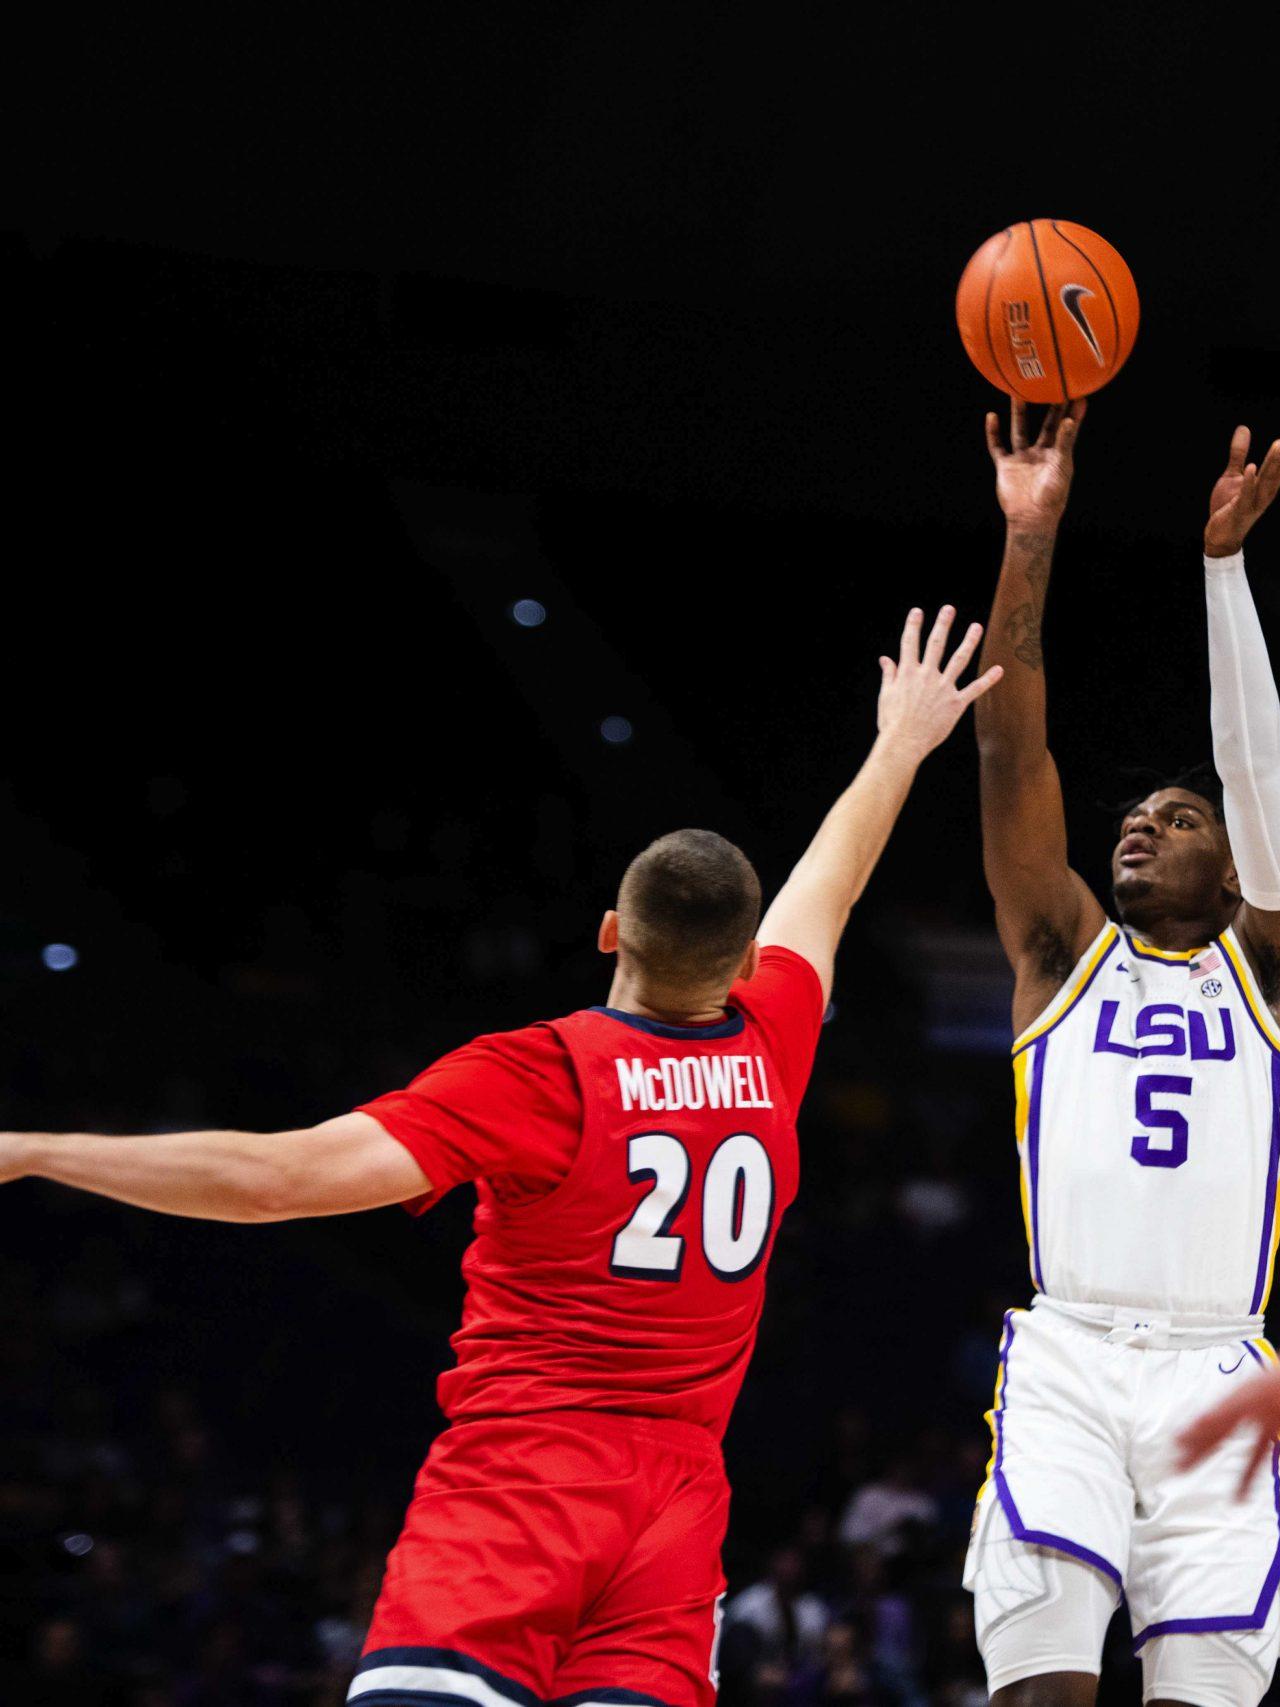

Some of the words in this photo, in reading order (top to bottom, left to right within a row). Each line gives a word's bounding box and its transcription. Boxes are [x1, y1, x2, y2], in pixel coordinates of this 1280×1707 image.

[1004, 301, 1046, 380] ELITE
[1093, 1000, 1236, 1061] LSU
[615, 1055, 773, 1111] McDOWELL
[1130, 1075, 1193, 1168] 5
[609, 1130, 775, 1283] 20
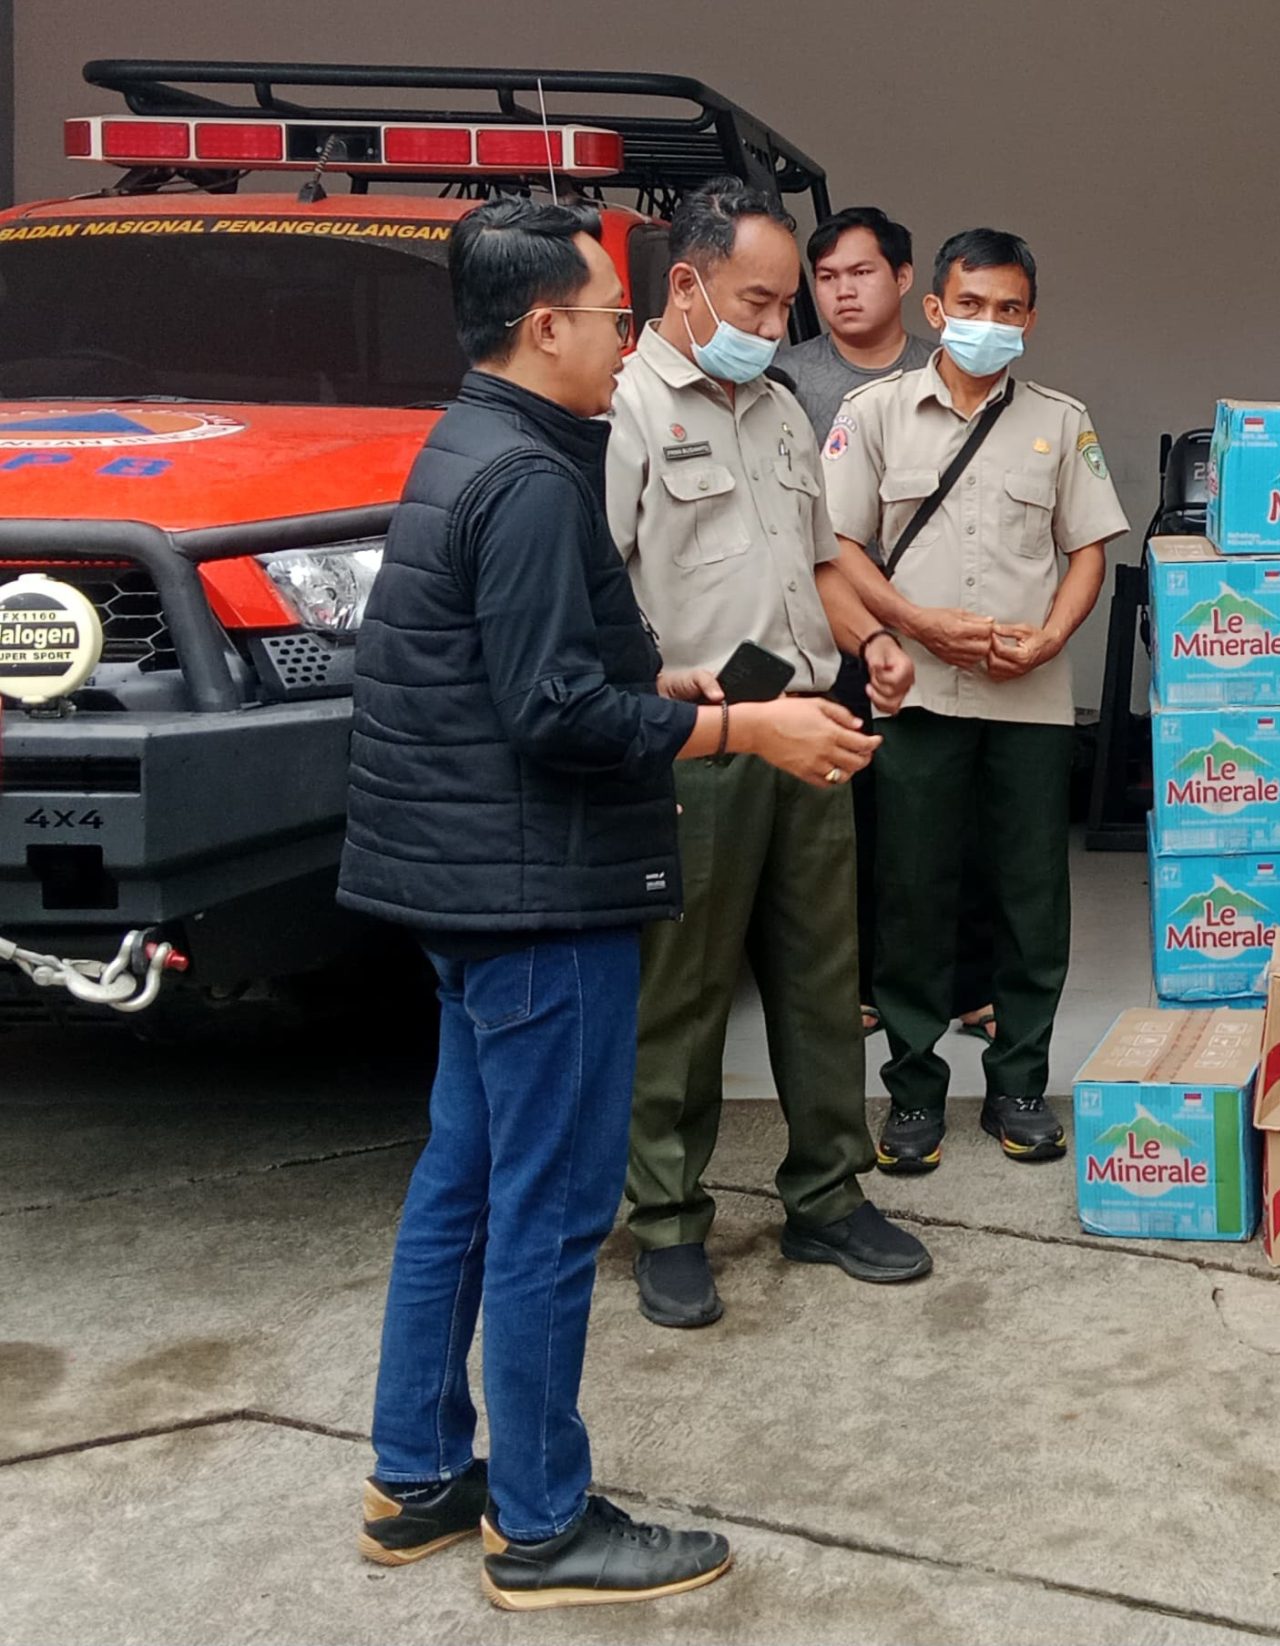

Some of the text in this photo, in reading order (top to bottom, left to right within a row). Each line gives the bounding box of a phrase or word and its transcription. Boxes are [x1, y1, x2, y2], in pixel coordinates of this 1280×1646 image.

[0, 219, 450, 241] BADAN NASIONAL PENANGGULANGAN
[2, 612, 57, 621] FX1160
[1213, 608, 1243, 634] Le
[0, 623, 76, 649] alogen
[33, 651, 72, 660] SPORT
[1206, 755, 1236, 781] Le
[1167, 777, 1279, 805] Minerale
[1206, 901, 1236, 927] Le
[1166, 922, 1276, 949] Minerale
[1128, 1132, 1161, 1160] Le
[1087, 1155, 1207, 1184] Minerale

- [PROBLEM DESCRIPTION]
The copy you write out must match the entries word for word, minus their pictures.

- [TASK ANSWER]
Some of the words in this photo, in reading order (top to bottom, left to right within a row). Each line gives a word's bounding box and its transcription. Boxes are [x1, y1, x2, y2], in pixel coordinates of this 1280×1707 image.

[1004, 301, 1046, 380] ELITE
[1093, 1000, 1236, 1061] LSU
[615, 1055, 773, 1111] McDOWELL
[1130, 1075, 1193, 1168] 5
[609, 1130, 775, 1283] 20

Some of the text in this photo, in reading order (top to bottom, left to right within a row). Each line gives the bounding box of a phrase or word and its transcription. Boxes are [x1, y1, x2, y2], in pixel coordinates of this 1280×1646 image.

[0, 219, 450, 241] BADAN NASIONAL PENANGGULANGAN
[2, 612, 57, 621] FX1160
[1213, 608, 1243, 634] Le
[0, 623, 76, 649] alogen
[33, 651, 72, 660] SPORT
[1206, 755, 1236, 781] Le
[1167, 777, 1279, 805] Minerale
[1206, 901, 1236, 927] Le
[1166, 922, 1276, 949] Minerale
[1128, 1132, 1161, 1160] Le
[1087, 1155, 1207, 1184] Minerale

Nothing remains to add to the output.